- [Your instructions]: Exact reproduction of every record is required, and pictures are to be excluded.
◇ ◇ ◇ ◇ ◇ ◇ ◇
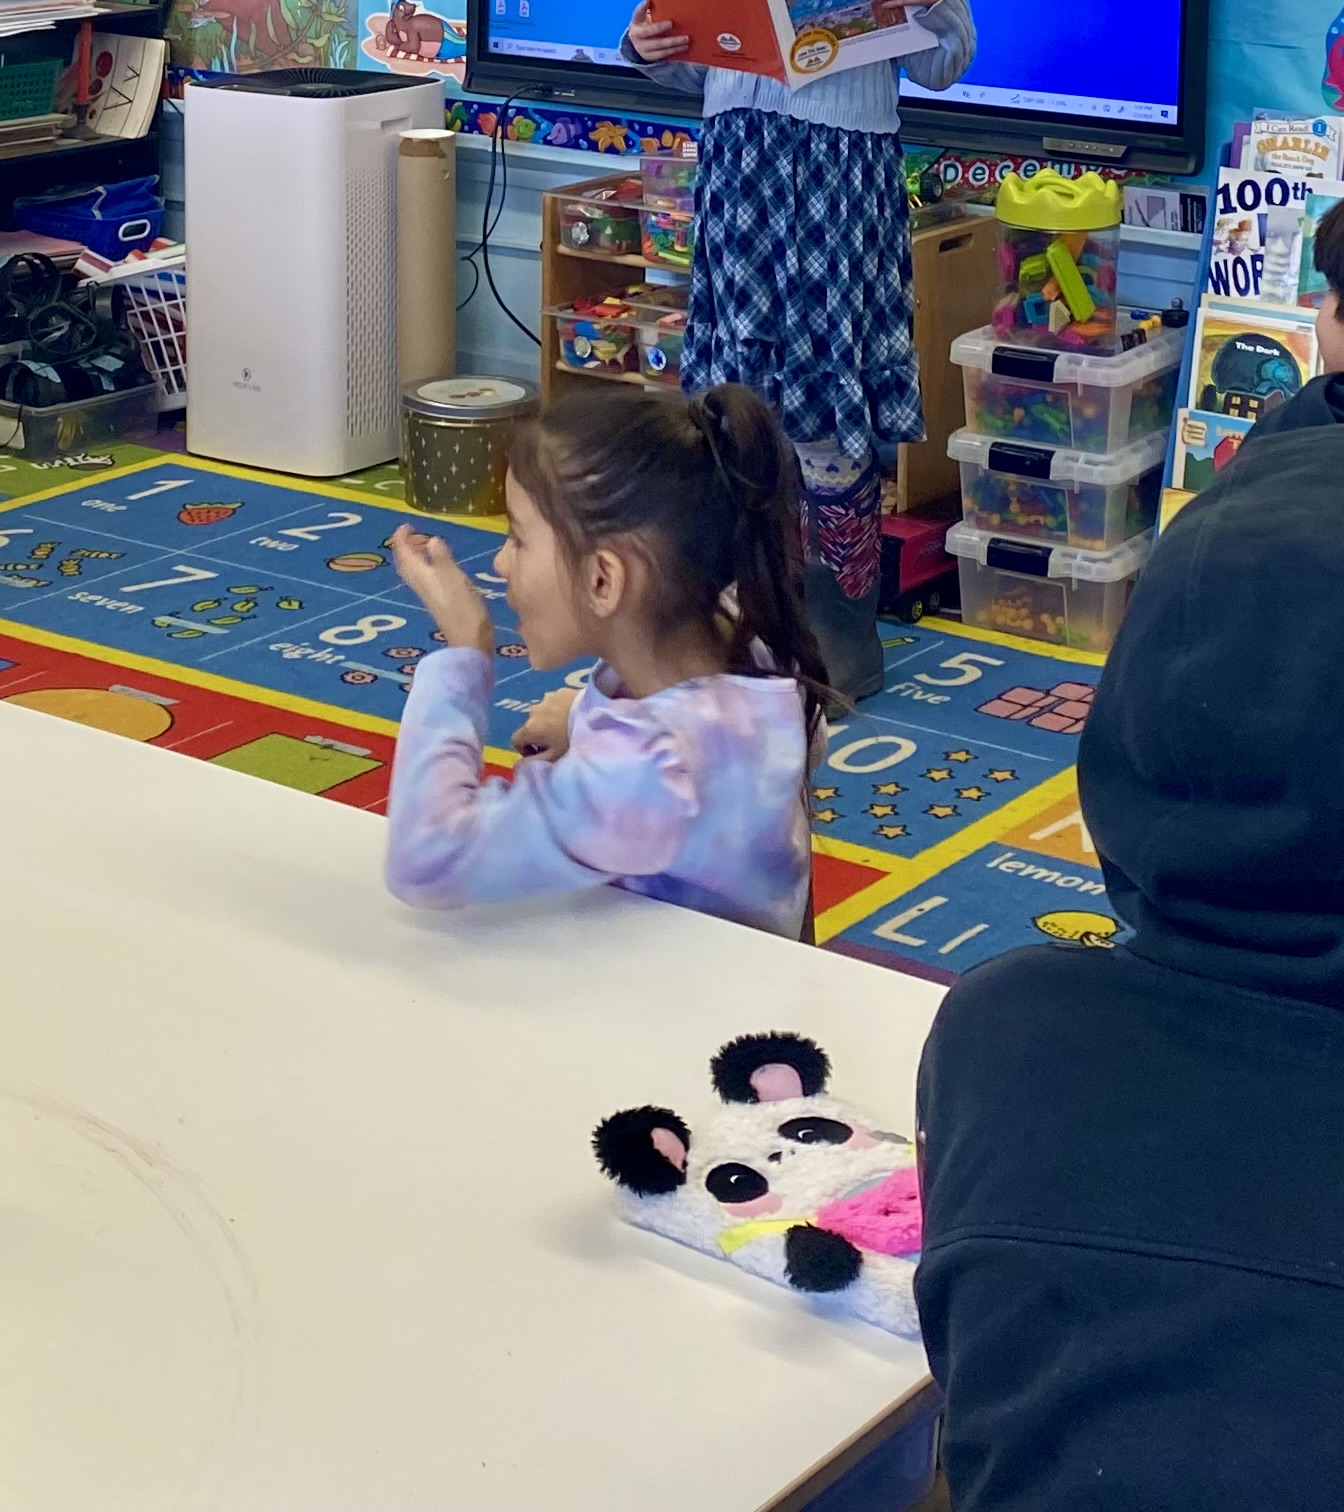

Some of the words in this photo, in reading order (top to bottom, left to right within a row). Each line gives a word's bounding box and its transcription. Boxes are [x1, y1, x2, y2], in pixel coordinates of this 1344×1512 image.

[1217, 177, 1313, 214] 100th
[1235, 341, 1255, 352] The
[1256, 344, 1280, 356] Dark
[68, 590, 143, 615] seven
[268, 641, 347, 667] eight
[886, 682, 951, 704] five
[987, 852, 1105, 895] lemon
◇ ◇ ◇ ◇ ◇ ◇ ◇
- [Task output]:
Some of the words in this photo, in reading order (top to bottom, left to right within a row). Each line gives a word's bounding box and its transcription. Boxes are [x1, y1, x2, y2], in pixel coordinates of this 1344×1512 image.

[1217, 177, 1313, 214] 100th
[1235, 341, 1255, 352] The
[1256, 344, 1280, 356] Dark
[68, 590, 143, 615] seven
[268, 641, 347, 667] eight
[886, 682, 951, 704] five
[987, 852, 1105, 895] lemon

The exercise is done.